Data centre operators are being warned about a costly oversight that could lead to downtime and costly remedial construction work, according to a new sector report.
Concern is being raised around incorrectly designed and installed fluing for backup generators leading to overheating and system failure during grid outages. Critical infrastructure malfunction related downtime may not only lead to steep penalties for data centre operators, but also cause reputational damage to the construction and design teams involved.
With research from the Mediterranean Center of Social and Educational Research (MSCER) claiming around 30% of data centre construction as remedial work, incorrect design and installation of building services is a disruptive and costly issue that could be avoided.

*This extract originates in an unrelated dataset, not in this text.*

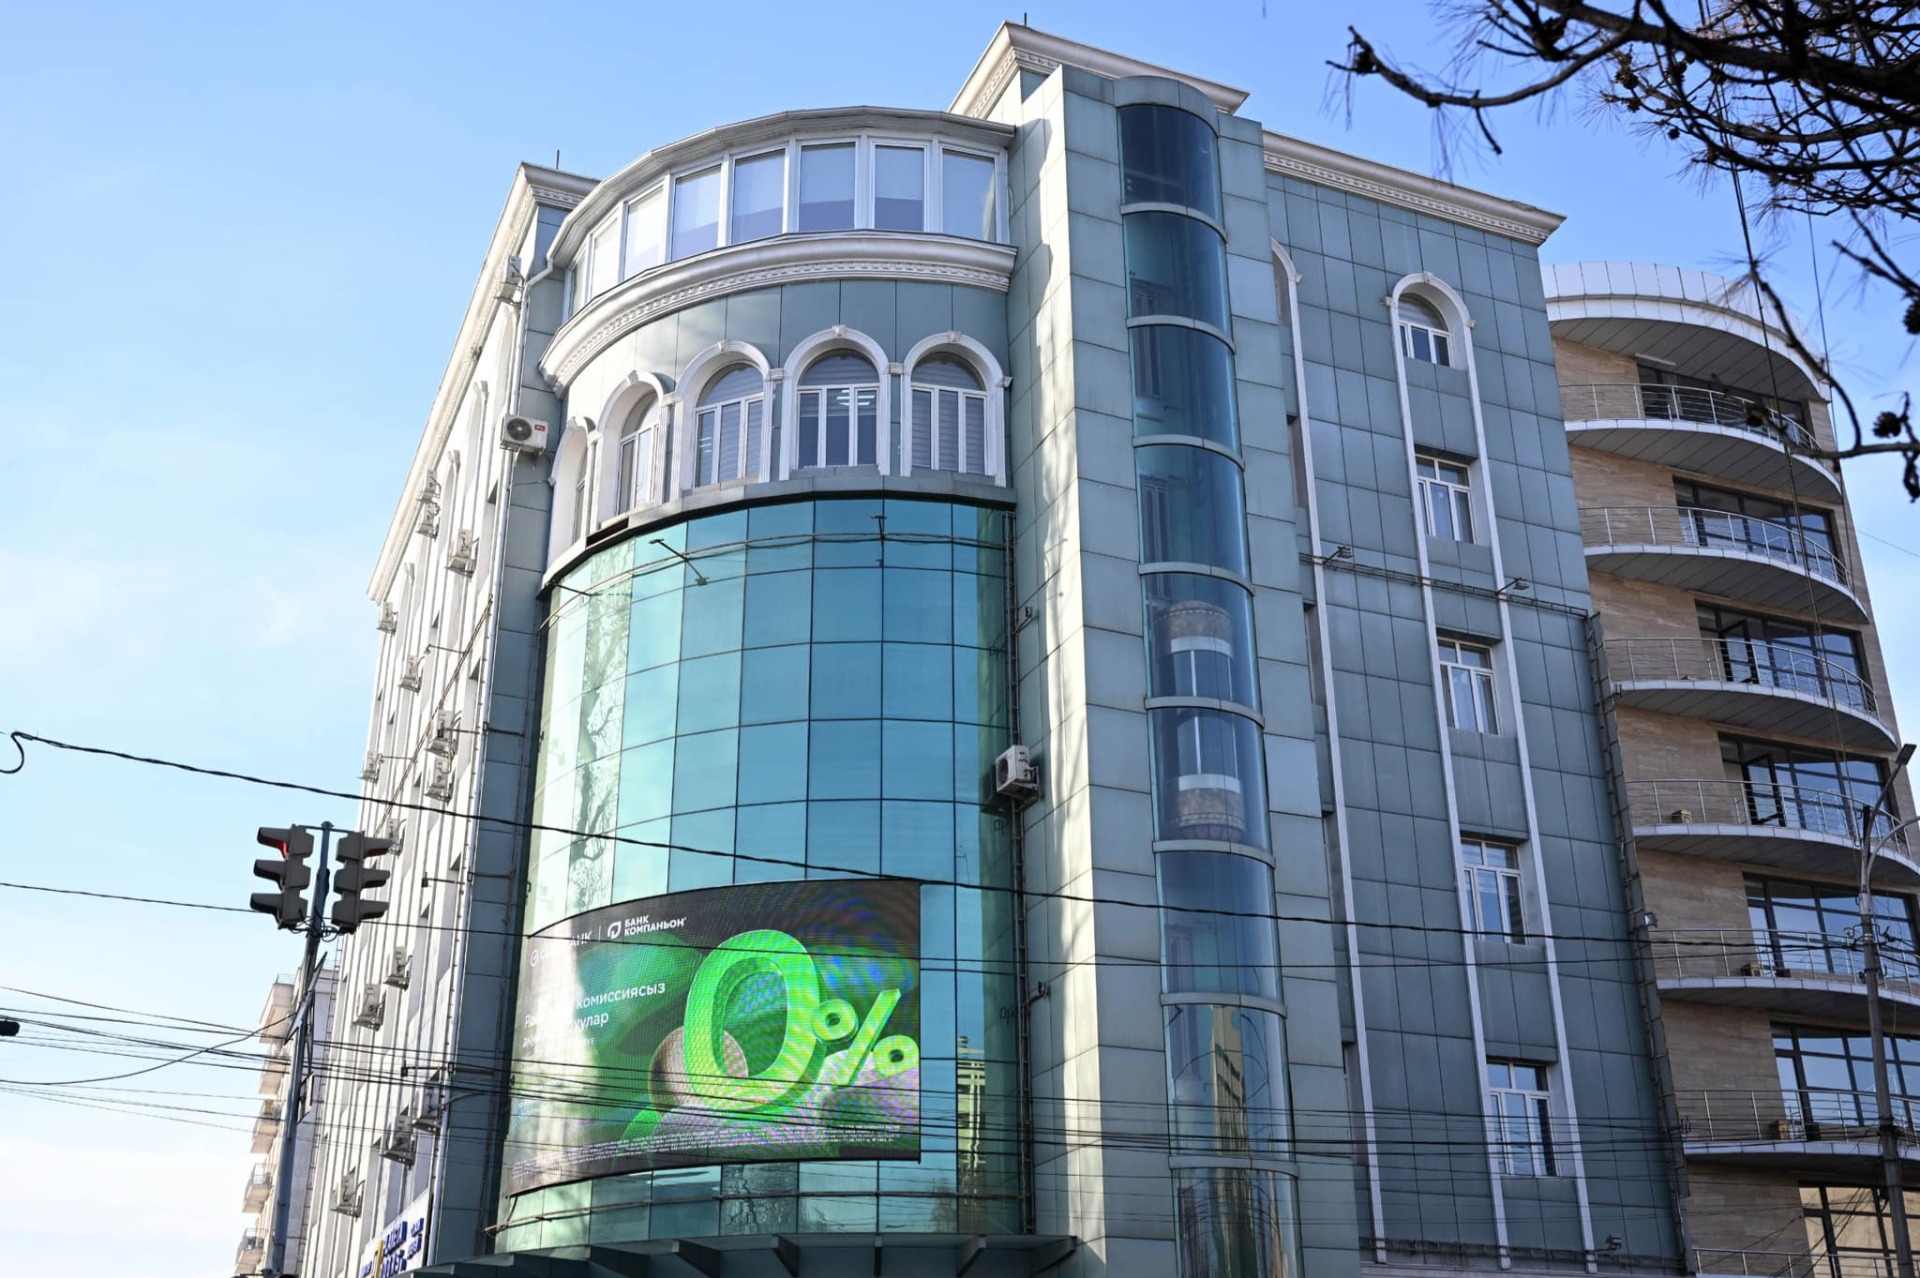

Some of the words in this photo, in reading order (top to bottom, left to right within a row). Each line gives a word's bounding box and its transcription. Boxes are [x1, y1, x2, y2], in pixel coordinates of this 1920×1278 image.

[624, 914, 650, 928] БАНК
[624, 918, 685, 937] КОМПАНЬОН
[576, 982, 666, 1010] комиссиясыз
[683, 929, 920, 1112] 0%
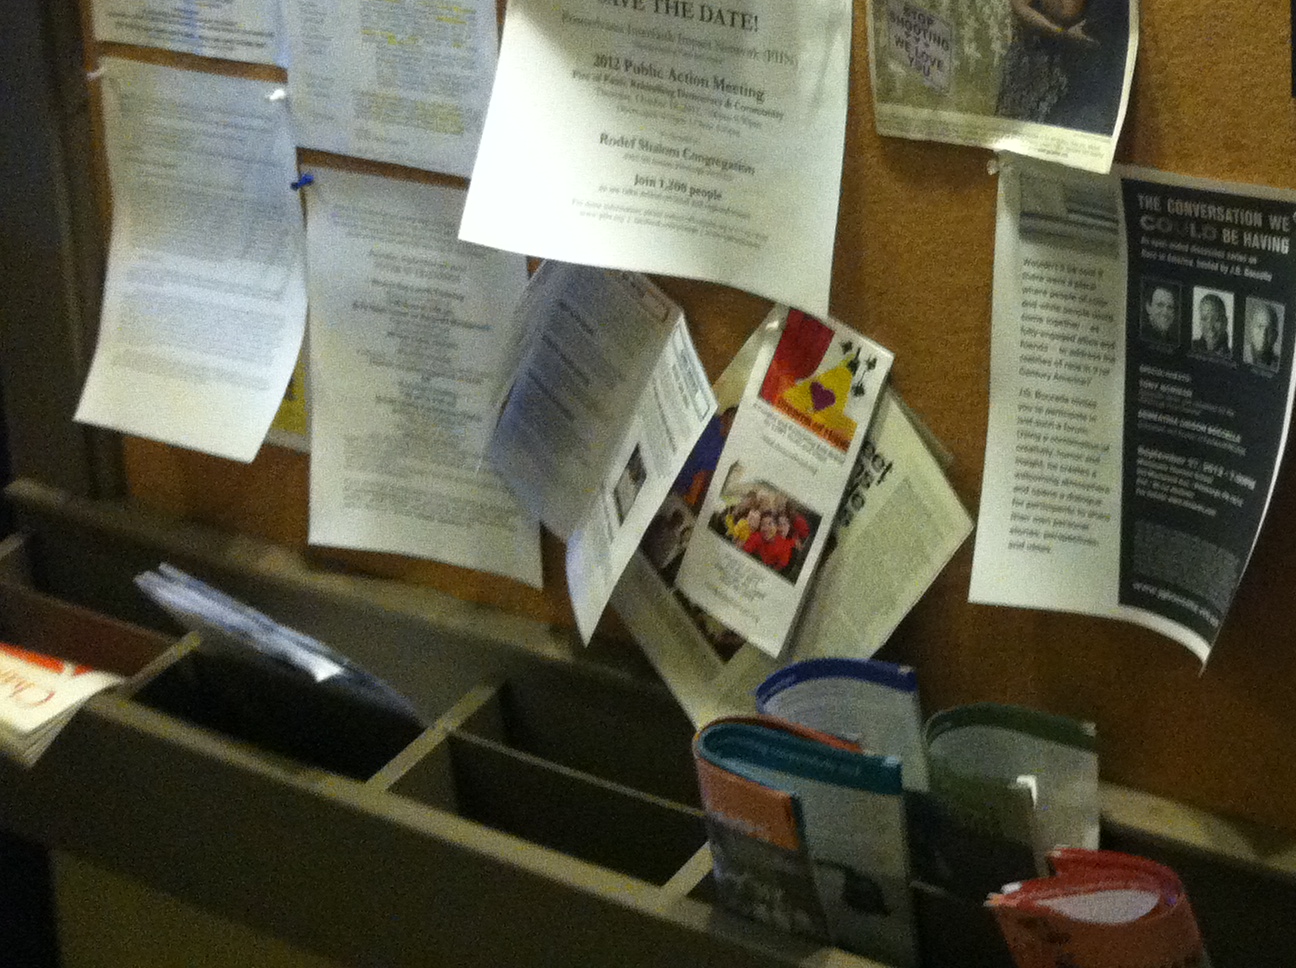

To support the industry with the best practices for flue specification and installation in data centre design and construction, chimney and flue manufacturer Schiedel, has detailed its recommended ‘Critical Path’ process in its new report.
Dean Moffatt, Technical Sector Expert at Schiedel, explains, “This paper aims to address the chimney blind spot in the industry by promoting a ‘flue first’ mindset, using insights from Scheidel’s team of experts. It discusses the various factors that make correct specification crucial, outlines key considerations for contractors and architects, and provides a better understanding of what a successful installation entails.”
As Savills research cites the need for construction of data centres to more than double by 2025, ensuring all critical infrastructure is installed correctly first time, is essential. With pressure on operators to deliver capacity to meet growing demand, risking the financial penalties and reputational damage that remedial works could pose is not an option.
James adds, “At Schiedel, we are committed to providing excellent assistance to those who are part of the data centre development process, especially during the critical construction phases. Our goal is to set a standard for the use of flues in data centres, which is crucial as the industry continues to expand.”